The messenger RNA of the intronless CEBPA gene is translated into distinct protein isoforms through the usage of consecutive translation initiation sites. These translational isoforms have distinct functions in the regulation of differentiation and proliferation due to the presence of different N-terminal sequences. Here, we describe the function of an N-terminally extended protein isoform of CCAAT enhancer-binding protein alpha (C/EBPalpha) that is translated from an alternative non-AUG initiation codon. We show that a basic amino-acid motif within its N-terminus is required for nucleolar retention and for interaction with nucleophosmin (NPM). In the nucleoli, extended-C/EBPalpha occupies the ribosomal DNA (rDNA) promoter and associates with the Pol I-specific factors upstream-binding factor 1 (UBF-1) and SL1 to stimulate rRNA synthesis. Furthermore, during differentiation of HL-60 cells, endogenous expression of extended-C/EBPalpha is lost concomitantly with nucleolar C/EBPalpha immunostaining probably reflecting the reduced requirement for ribosome biogenesis in differentiated cells. Finally, overexpression of extended-C/EBPalpha induces an increase in cell size. Altogether, our results suggest that control of rRNA synthesis is a novel function of C/EBPalpha adding to its role as key regulator of cell growth and proliferation.

Figure 1

The extended-C/EBPα isoform is translated from a non-AUG codon. (A) Schematic representation of the C/EBPα messenger RNA with three alternative translation initiation sites, indicated as A (CUG or GUG), B (AUG) and C (AUG), and the initiation site for the cis-regulatory uORF, indicated as D (AUG), respectively.
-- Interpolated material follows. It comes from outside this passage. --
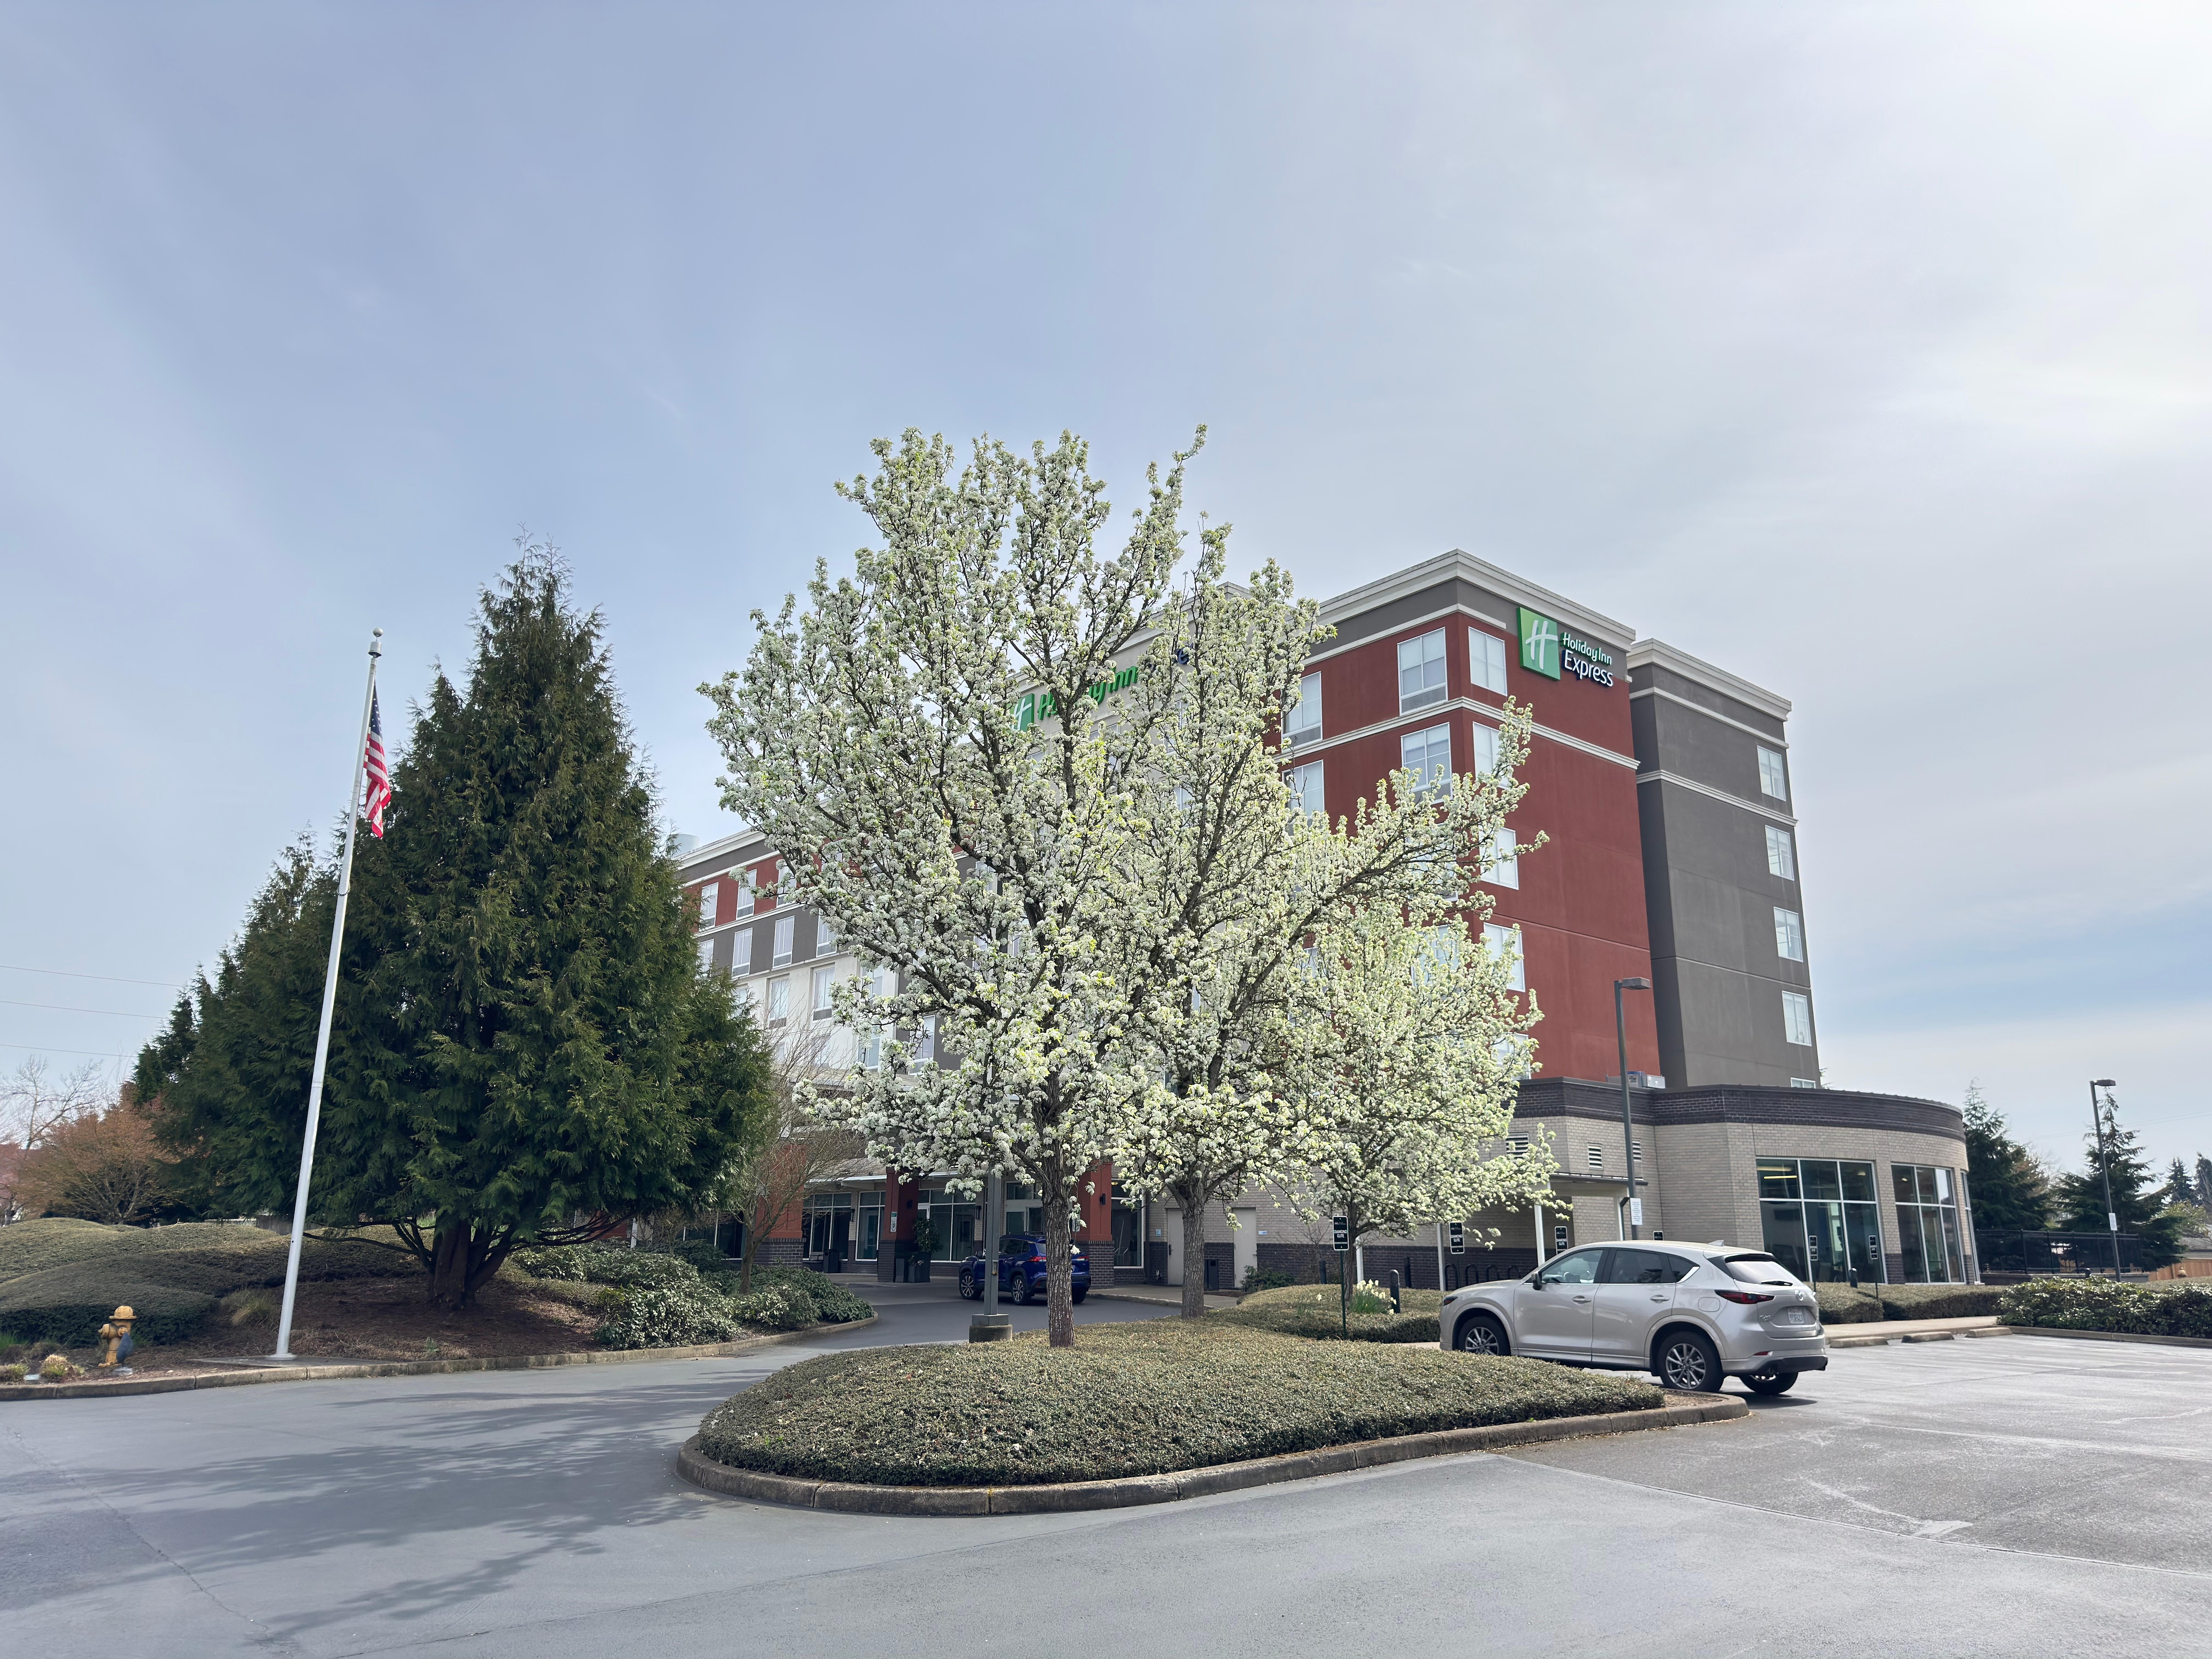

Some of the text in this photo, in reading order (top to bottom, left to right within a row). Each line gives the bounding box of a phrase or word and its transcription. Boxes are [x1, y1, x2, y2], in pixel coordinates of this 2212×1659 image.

[1525, 620, 1558, 670] H
[1563, 632, 1612, 665] Holiday Inn
[1564, 649, 1613, 687] Express
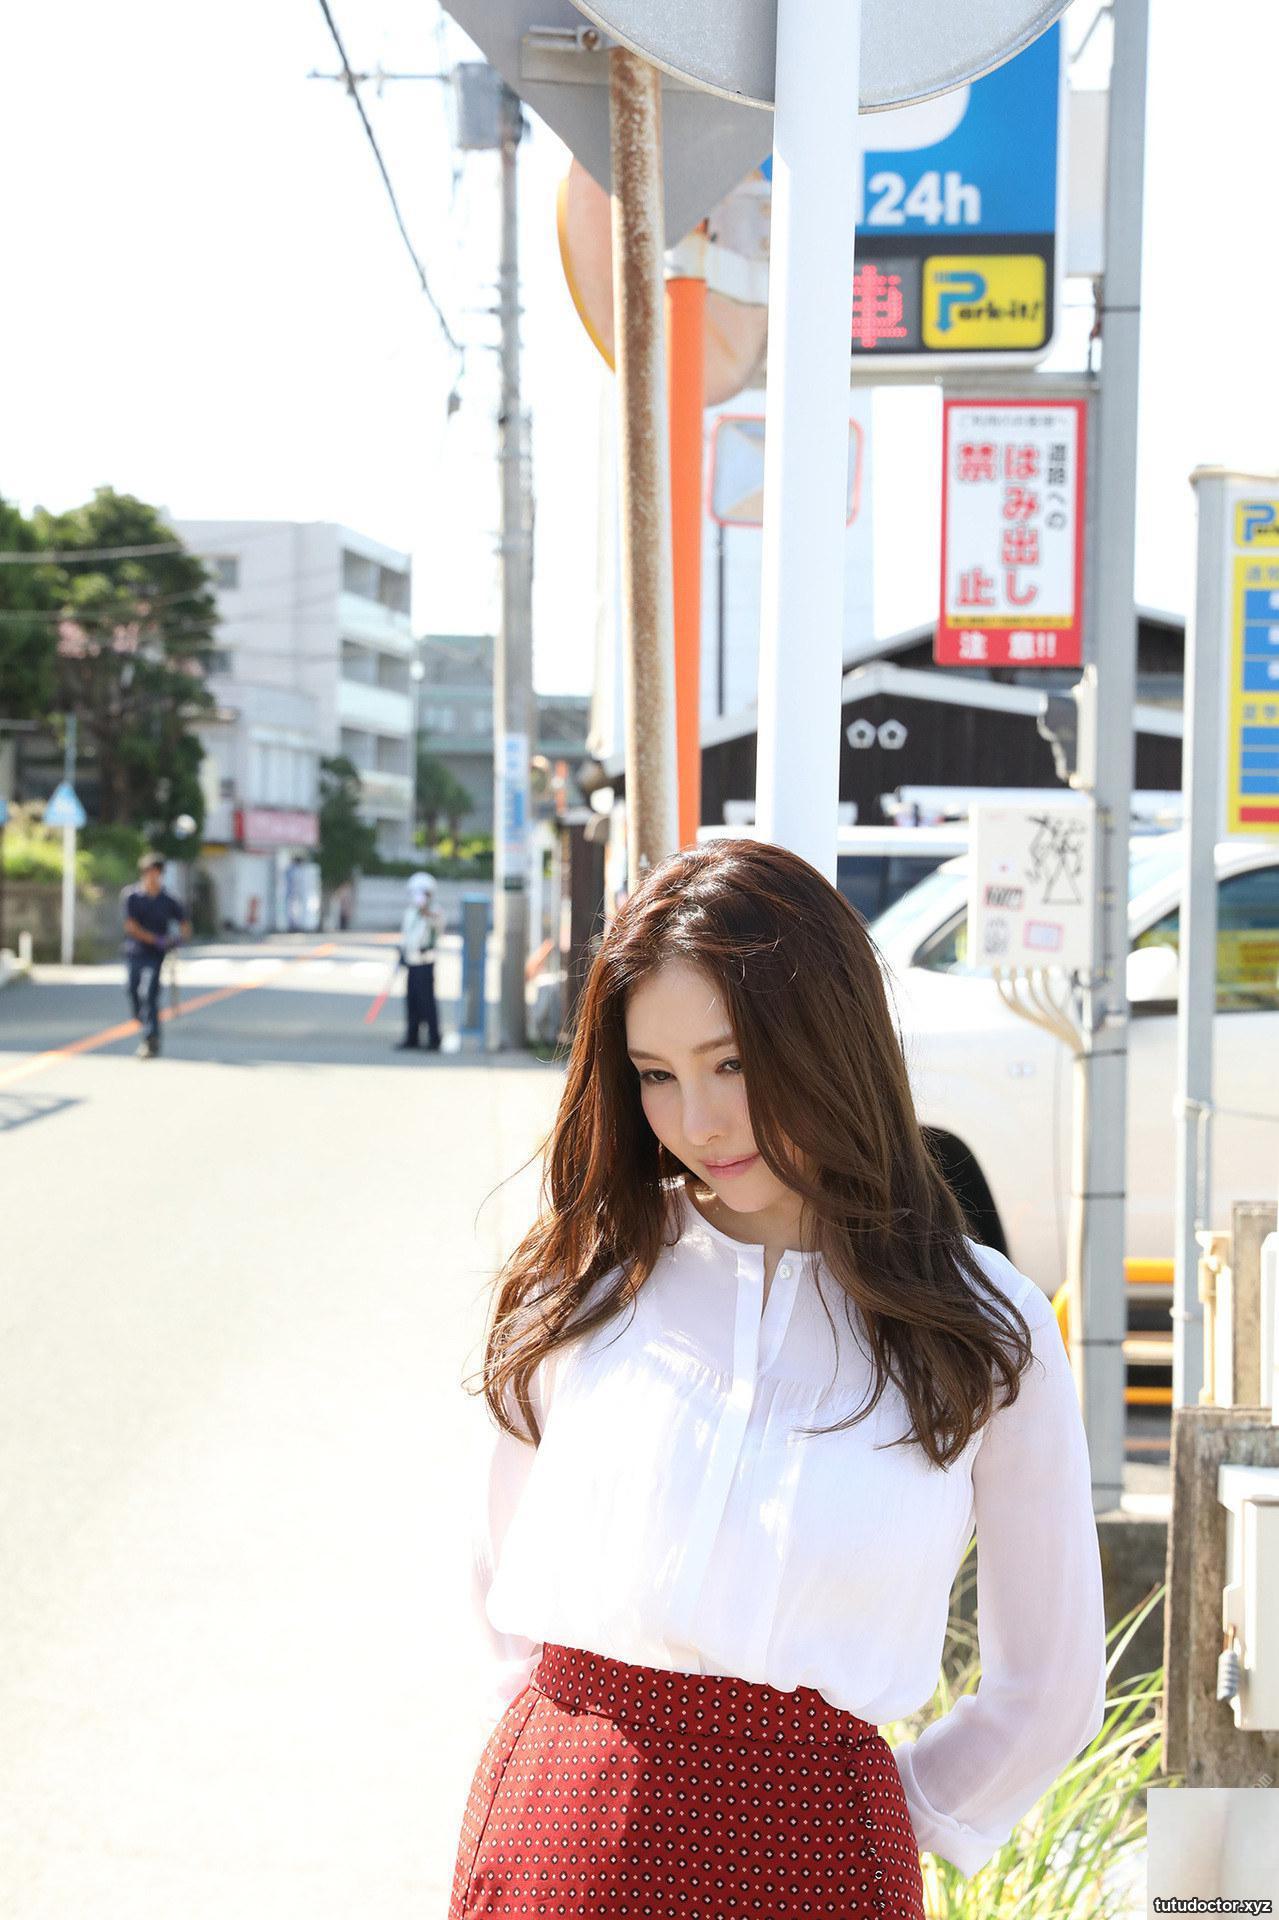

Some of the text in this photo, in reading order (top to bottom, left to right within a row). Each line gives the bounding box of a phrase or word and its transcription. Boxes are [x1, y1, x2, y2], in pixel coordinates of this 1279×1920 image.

The mRNA can be translated into three separate protein isoforms extended- (Extα), full-length- (Flα) or truncated-C/EBPα (Trα) that contain different sets of the functional domains TAD (Transactivation Domain), BD (Basic Domain) and LZ (Leucine Zipper). (B) Amino-acid sequence comparison of the extended domains of rat, mouse and human C/EBPα; conserved amino-acid residues are shaded in grey. (C) Immunoblots comparing expression from wild-type and mutant rat (rC/EBPα) and human (hC/EBPα) C/EBPα constructs in COS-1 cells: Wild-types (wt), mutants lacking the translation initiation site A (ΔA^1/2), constructs devoid of the 5′leader (Δ5′), and constructs with the CUG or GUG exchanged by an AUG codon (A^opt).

Figure 2

Nucleolar localization of the extended-C/EBPα isoform. (A) Subcellular localization of extended- (Extα), full-length- (Flα) or truncated- (Trα) C/EBPα proteins fused to EGFP after transient transfection in C33A cells. DNA was stained with DAPI to visualize the nucleus and immunostaining with the Fibrillarin-specific antibody served to locate the nucleolus. (B) Alignment of the RRXR motifs within the domains mediating nucleolar localization of extended-C/EBPα and other proteins with known nucleolar localization. (C) Subcellular localization of the isolated extended domain of C/EBPα either harbouring the wt sequence (Extα-Dom) or a mutation of its RRQR motive (Extα-DomΔNoLS) fused to EGFP. Bars, 10 μm.

Figure 3

Pseudo-phosphorylation of serine 299 in extended-C/EBPα stimulates its nucleolar retention. (A) Subcellular distribution of S299D mutants of extended- (Extα^S299D), extended ΔNoLS (Extα^S299DΔNoLS), full-length- (Flα^S299D) or truncated-C/EBPα (Trα^S299D) proteins fused to EGFP. (B) Nucleolar retention of extended-C/EBPα^S299D in HeLa, COS-1, Hek293T, MEF and U2OS cells. C/EBPα^S299D-EGFP constructs were transiently transfected into the different cell lines and subcellular localization was analysed as described in Figure 2. Bars, 10 μm.

Figure 4

C/EBPα isoform expression and subcellular localization on phorbolester (TPA)-induced monocytic differentiation of HL-60 cells. (A) Immunoblot showing endogenous expression of the extended- (Extα), full-length- (Flα) and truncated-C/EBPα (Trα) hC/EBPα isoforms in untreated proliferating HL-60 cells and after treatment with 200 nM phorbolester (TPA) for 12 h. α-tubulin staining in the lower blot serves as loading control. (B) Immunostainings of TPA-treated cells (+TPA) and control cells (Solvent) were performed with an anti-C/EBPα antibody against a C-terminal epitope (14AA). DNA was stained with DAPI to visualize the nucleus and immunostaining with a Fibrillarin-specific antibody served to located the nucleolus. Bars, 10 μm.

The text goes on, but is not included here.